**WORK TASK:** Restate the entries below word for word, leaving nothing out.

**MATERIAL FOR THE TASK:**
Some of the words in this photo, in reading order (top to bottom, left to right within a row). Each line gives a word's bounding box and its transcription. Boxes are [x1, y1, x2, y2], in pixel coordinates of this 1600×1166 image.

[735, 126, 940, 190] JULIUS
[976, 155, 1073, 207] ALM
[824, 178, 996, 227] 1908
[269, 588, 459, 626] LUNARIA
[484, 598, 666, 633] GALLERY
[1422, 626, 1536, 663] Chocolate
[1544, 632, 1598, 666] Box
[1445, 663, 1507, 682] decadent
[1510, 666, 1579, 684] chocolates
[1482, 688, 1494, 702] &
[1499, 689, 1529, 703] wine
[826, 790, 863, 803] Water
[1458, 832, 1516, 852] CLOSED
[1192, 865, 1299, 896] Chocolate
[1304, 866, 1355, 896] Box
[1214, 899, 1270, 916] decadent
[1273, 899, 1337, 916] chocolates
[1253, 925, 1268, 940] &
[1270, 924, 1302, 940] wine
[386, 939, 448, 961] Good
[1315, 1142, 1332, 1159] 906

**EXERCISE OUTPUT:**
Some of the words in this photo, in reading order (top to bottom, left to right within a row). Each line gives a word's bounding box and its transcription. Boxes are [x1, y1, x2, y2], in pixel coordinates of this 1600×1166 image.

[735, 126, 940, 190] JULIUS
[976, 155, 1073, 207] ALM
[824, 178, 996, 227] 1908
[269, 588, 459, 626] LUNARIA
[484, 598, 666, 633] GALLERY
[1422, 626, 1536, 663] Chocolate
[1544, 632, 1598, 666] Box
[1445, 663, 1507, 682] decadent
[1510, 666, 1579, 684] chocolates
[1482, 688, 1494, 702] &
[1499, 689, 1529, 703] wine
[826, 790, 863, 803] Water
[1458, 832, 1516, 852] CLOSED
[1192, 865, 1299, 896] Chocolate
[1304, 866, 1355, 896] Box
[1214, 899, 1270, 916] decadent
[1273, 899, 1337, 916] chocolates
[1253, 925, 1268, 940] &
[1270, 924, 1302, 940] wine
[386, 939, 448, 961] Good
[1315, 1142, 1332, 1159] 906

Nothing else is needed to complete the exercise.